The reporter stopped in a small clearing and called lustily through cupped hands. Again and again he shouted and at last he thought he heard a faint reply. Perhaps it was only an echo. He called again and a voice, far away, answered.
Confident that he was near the missing pilot, Ralph hurried forward, bending almost double in order to follow the dim trail. He stopped every few hundred feet and shouted. Each time the reply came clearer and stronger.
Ralph came out on the bank of a small stream. Below, on the rocks beside the creek bed, he saw the crouched form of the air mail flyer.
“George! George!” cried Ralph.
“Down here,” came the reply. “Take it easy or you’ll slip and twist your ankle just like I did.”
In less than a minute Ralph was beside the man he had been hunting and Mitchell told him of the events preceding the crash and how he had attempted to escape from the forest and reach some habitation.

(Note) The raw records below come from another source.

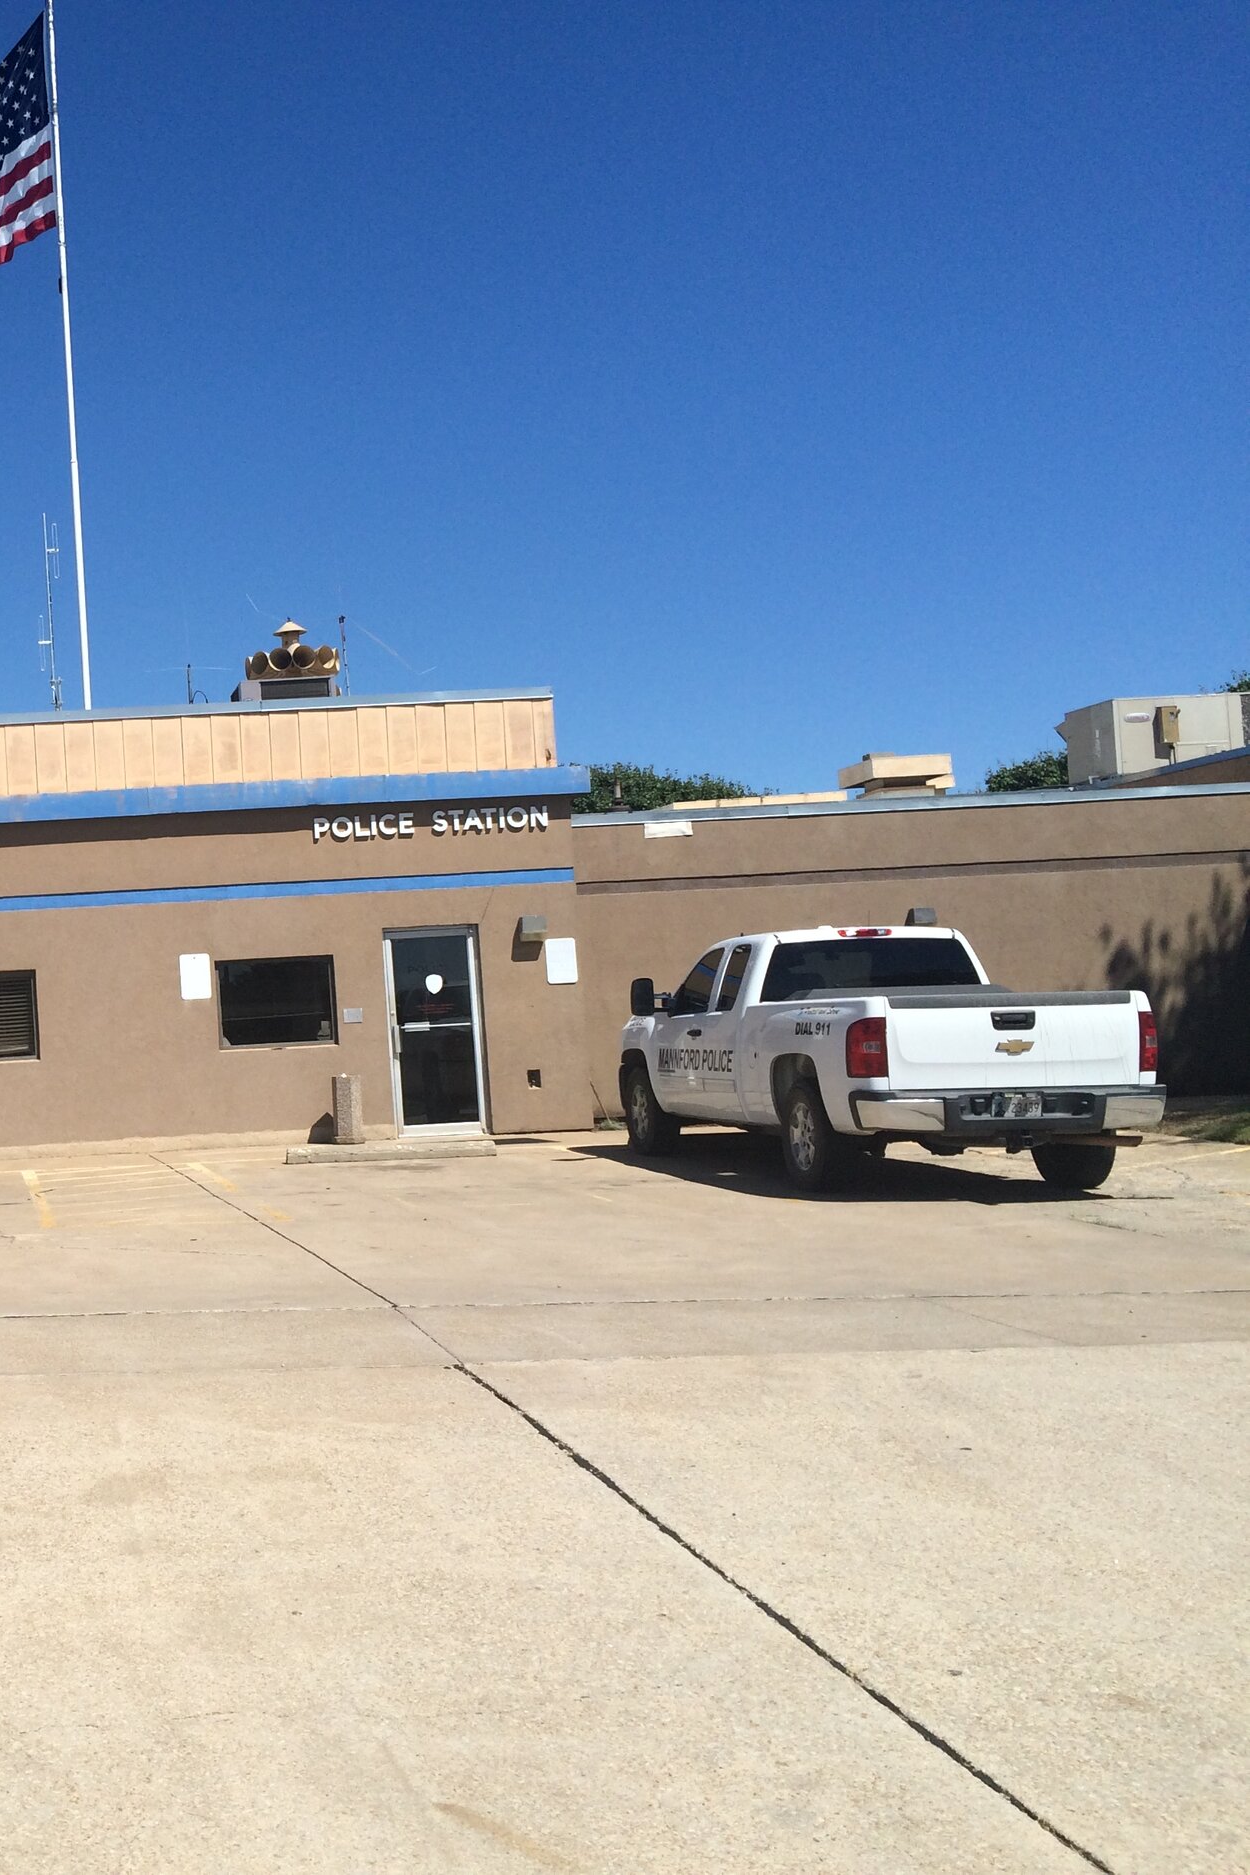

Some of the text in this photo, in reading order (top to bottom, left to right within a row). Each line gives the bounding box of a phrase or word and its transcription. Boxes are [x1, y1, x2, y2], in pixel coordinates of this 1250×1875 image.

[313, 805, 548, 839] POLICE STATION
[795, 1022, 831, 1036] DIAL 911
[658, 1048, 733, 1072] MANNFORD POLICE
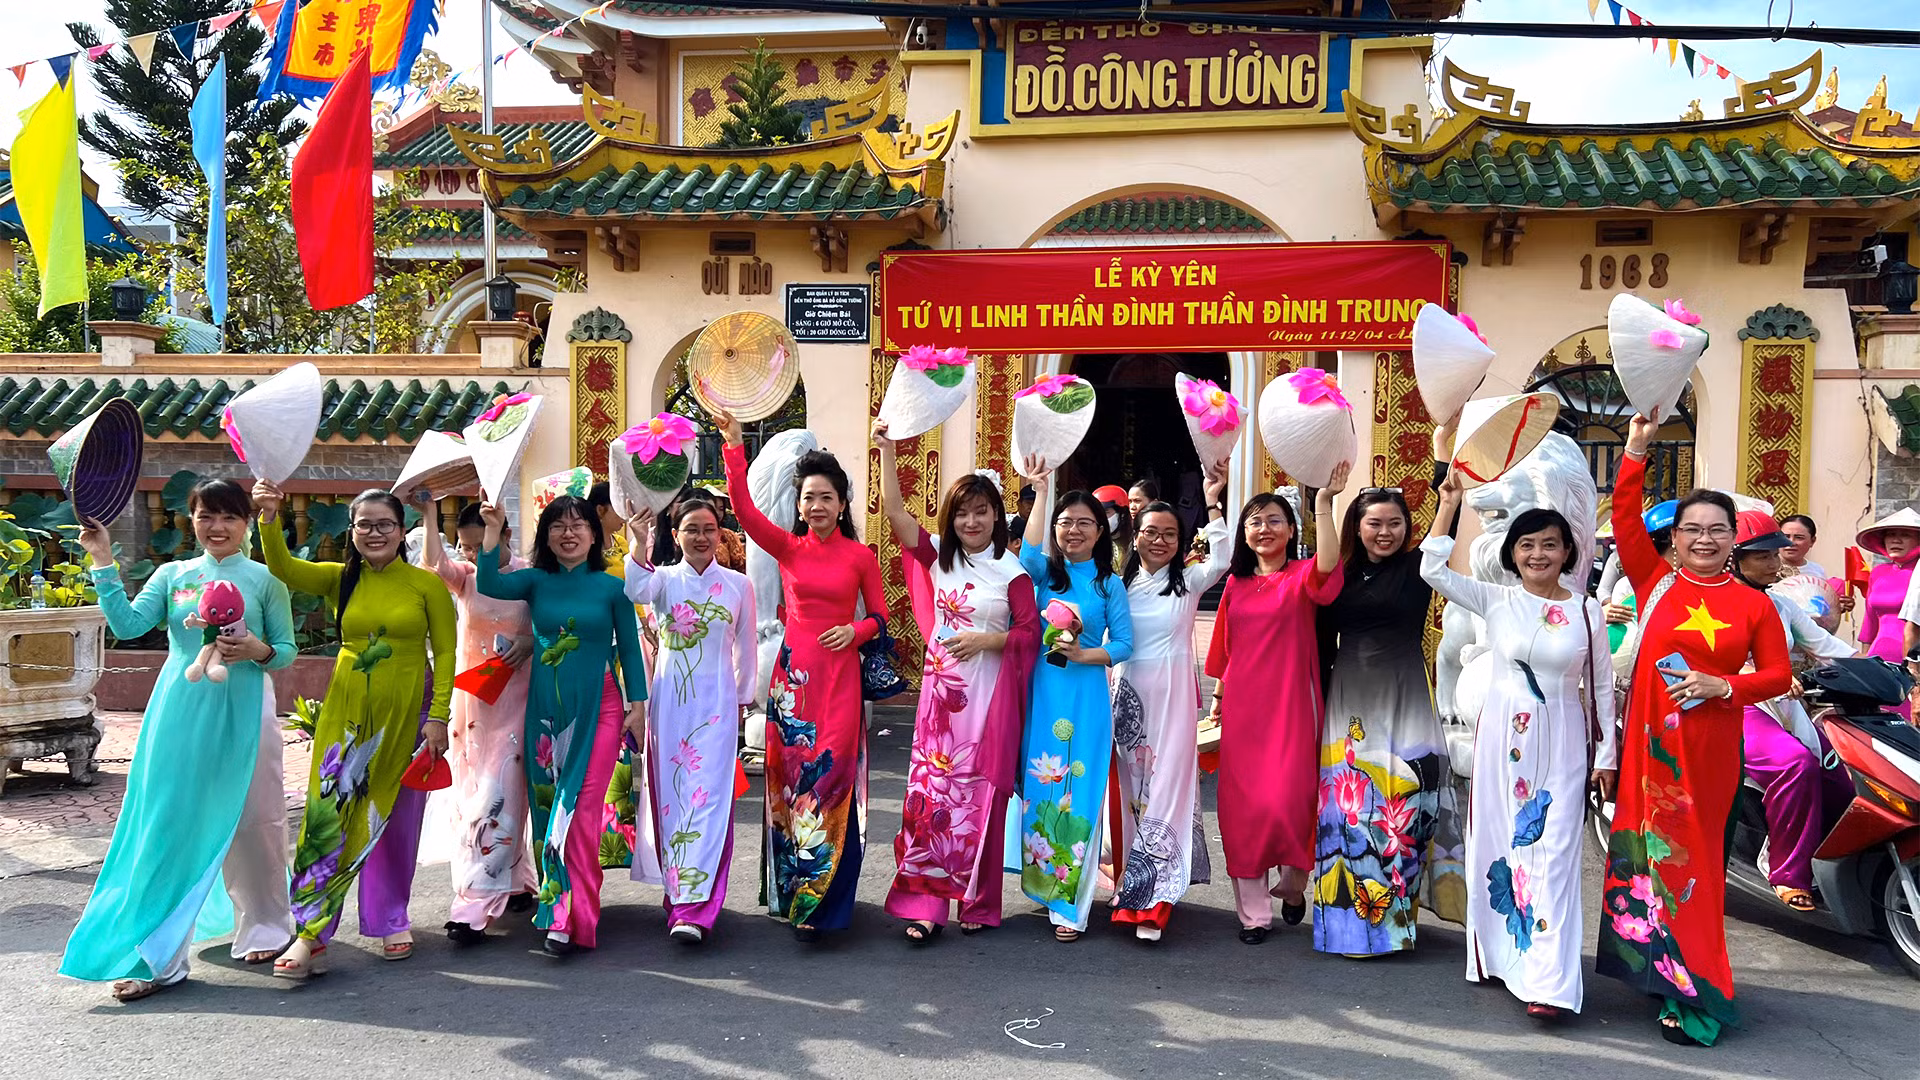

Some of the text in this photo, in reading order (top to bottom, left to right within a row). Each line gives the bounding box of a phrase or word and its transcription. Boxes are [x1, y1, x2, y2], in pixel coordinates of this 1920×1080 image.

[1184, 40, 1316, 107] TƯỜNG
[1095, 257, 1217, 288] LỄ KỲ YÊN
[805, 310, 851, 318] Giờ Chiêm Bái
[898, 300, 932, 328] TỨ
[939, 305, 962, 333] VỊ
[971, 304, 1027, 328] LINH
[1036, 294, 1103, 327] THẦN
[1112, 296, 1174, 326] ĐÌNH
[1184, 291, 1254, 325] THẦN
[1263, 294, 1327, 324] ĐÌNH
[795, 327, 806, 335] TỐI
[817, 328, 829, 336] GIỜ
[1268, 330, 1313, 342] Ngày
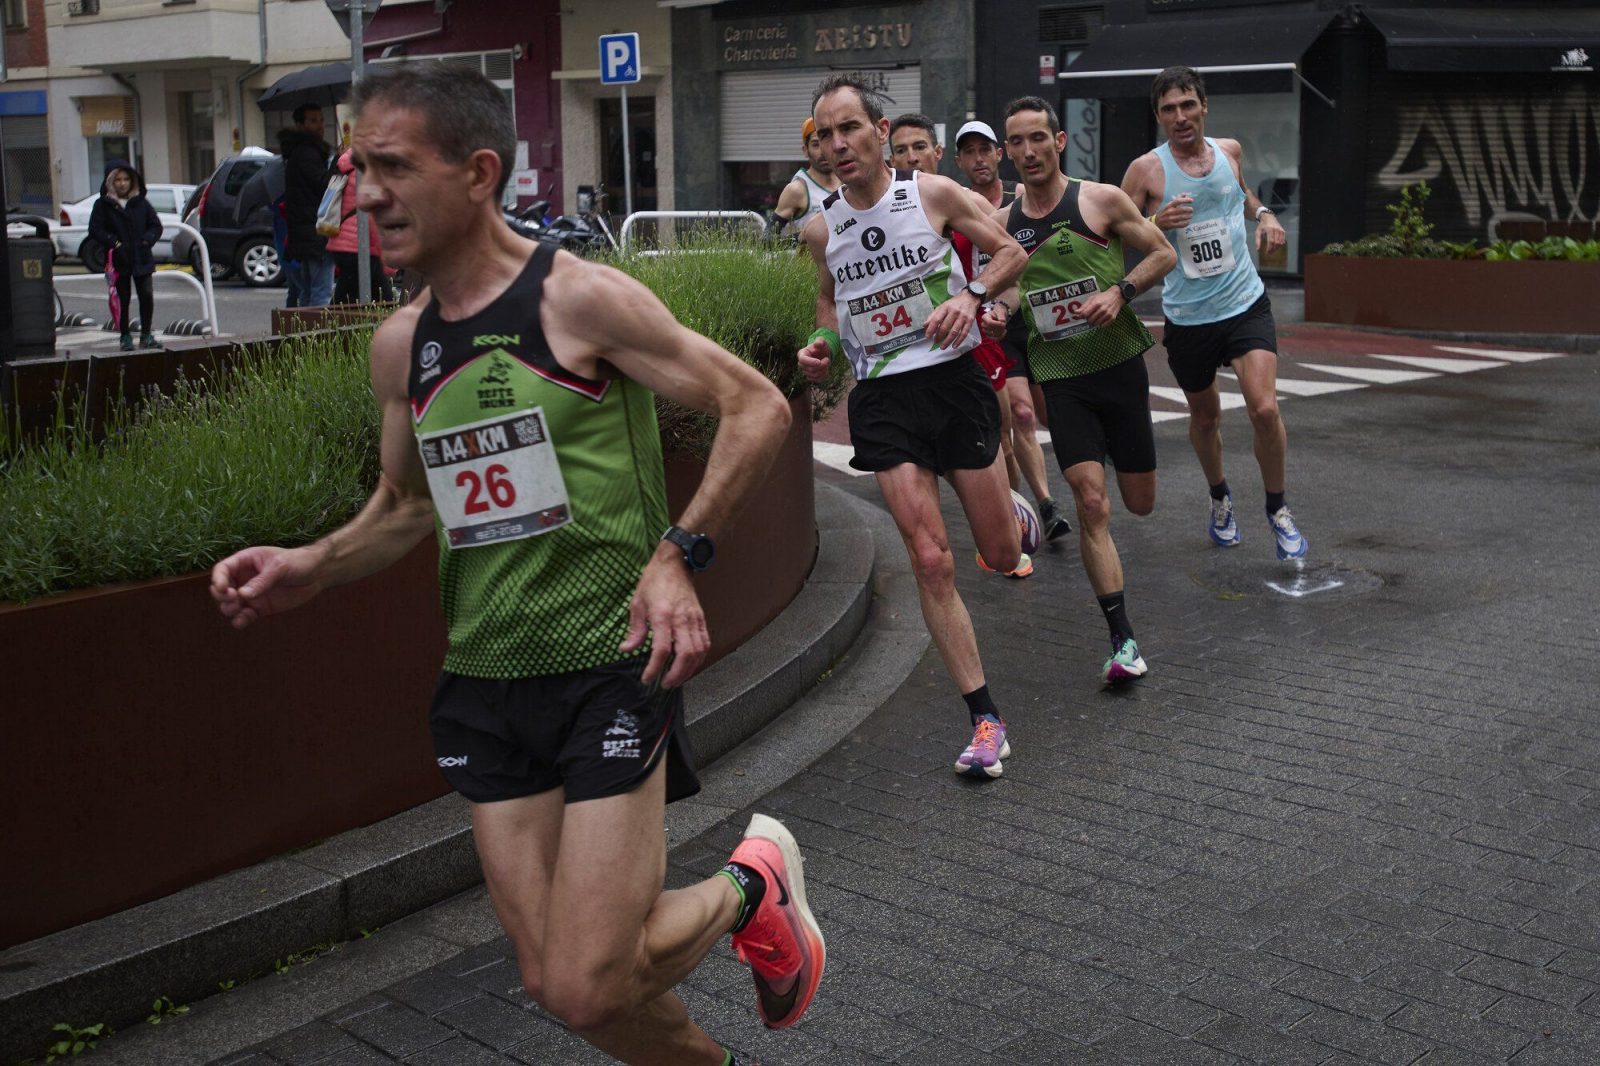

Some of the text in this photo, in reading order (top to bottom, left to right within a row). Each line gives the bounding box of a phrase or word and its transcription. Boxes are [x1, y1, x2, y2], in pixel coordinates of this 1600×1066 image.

[607, 41, 630, 78] P
[1191, 239, 1223, 264] 308
[863, 285, 906, 311] A4XKM
[1045, 283, 1081, 302] A4XKM
[871, 304, 913, 336] 34
[441, 425, 510, 463] A4XKM
[455, 463, 517, 516] 26
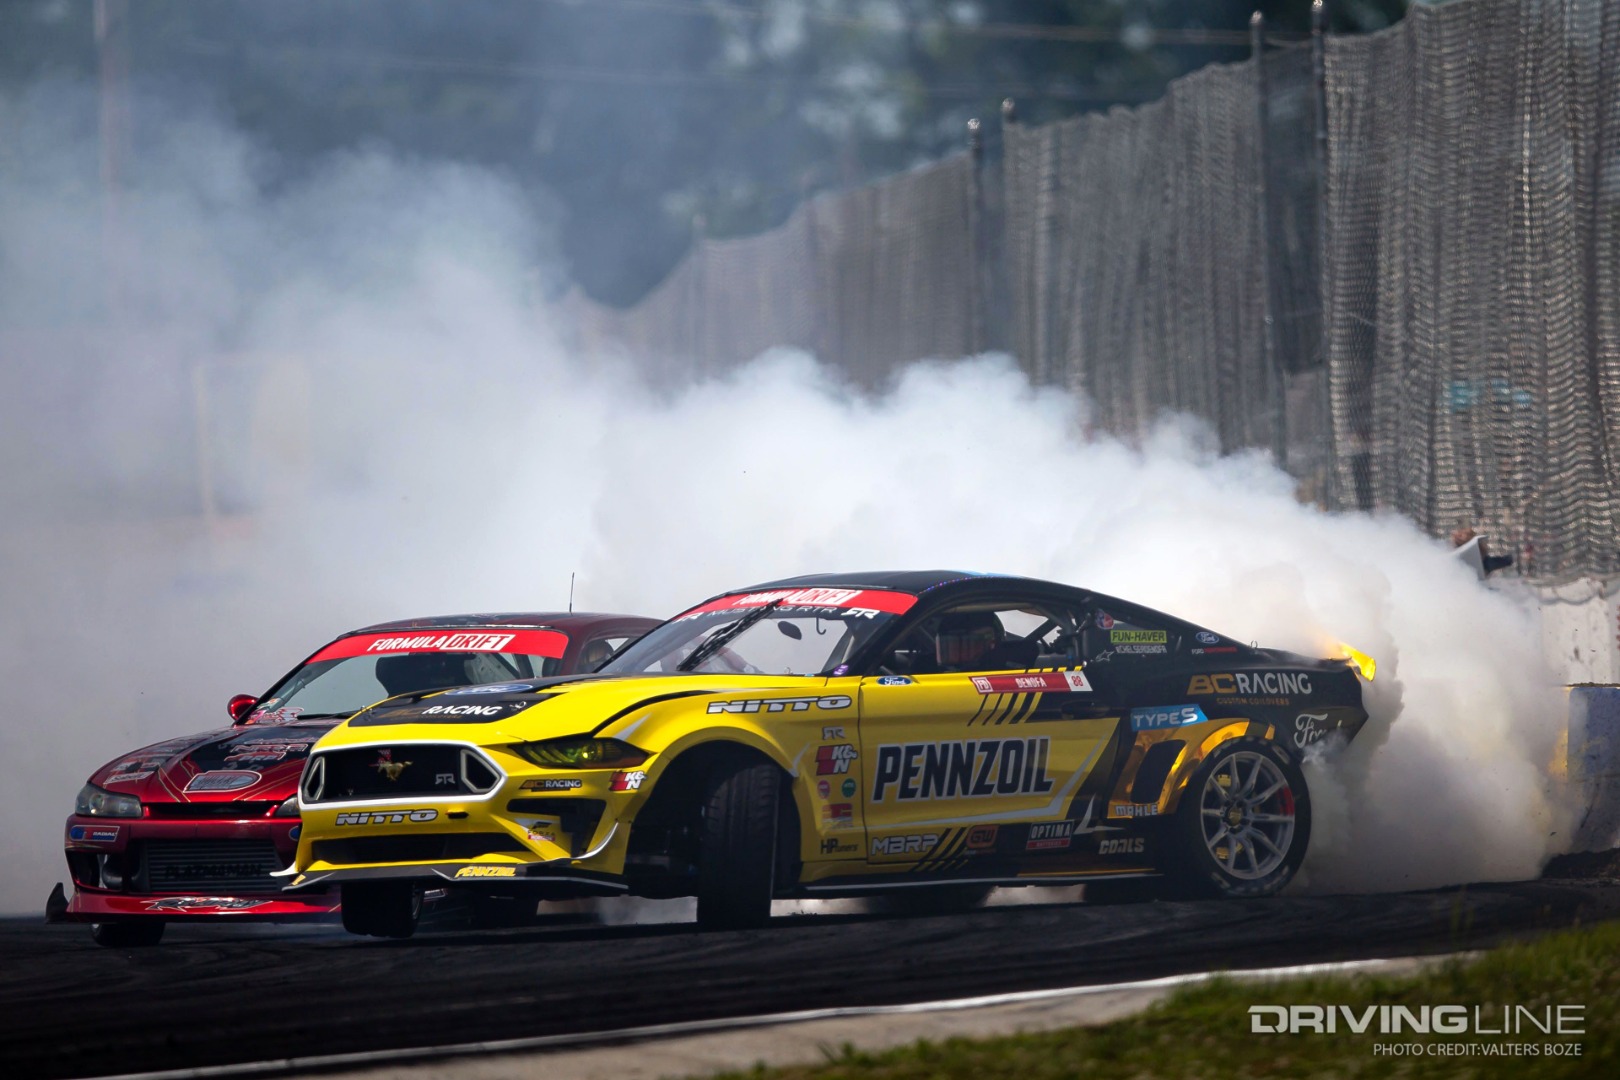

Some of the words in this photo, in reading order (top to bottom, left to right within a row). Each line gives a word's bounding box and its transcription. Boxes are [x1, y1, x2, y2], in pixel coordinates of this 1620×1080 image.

[1112, 631, 1165, 642] FUN-HAVER
[1015, 677, 1047, 688] DENOFA
[706, 695, 852, 714] NITTO
[871, 735, 1055, 804] PENNZOIL
[336, 809, 438, 826] NITTO
[1115, 804, 1158, 816] MAHLE
[1031, 823, 1071, 839] OPTIMA
[871, 834, 939, 856] MBRP
[454, 866, 516, 878] PENNZOIL

“The storm struck so quickly I didn’t have a chance to escape,” said the air mail flyer as Ralph worked over the twisted ankle. “The snow and ice collected on the wings and forced me down. Maybe you saw where I took the tops off the trees before I finally cracked.”
“Sure did,” said Ralph. “Matter of fact, the only way I found your ship was through seeing those broken tree tops. They gave me the clue that a plane had been in trouble. A little further along I saw the tail of your ship sticking up in the air.”
“I took a real flop,” went on the mail flyer. “Just nosed right straight down and smacked the old earth. I ducked just in time and outside a few bruises wasn’t hurt. Managed to get the sack of registered stuff out and figured I could get out of the woods and reach some ranchhouse or the railroad. Then I fell over this bank, twisted my right ankle, and I’ve been here ever since.”
Ralph chopped some dry wood from a dead tree nearby and soon had a fire blazing merrily among the rocks. He made the mail flyer as comfortable as possible, warmed the lunch he had brought with him and they both enjoyed the meal, the first Mitchell had eaten in twenty-four hours.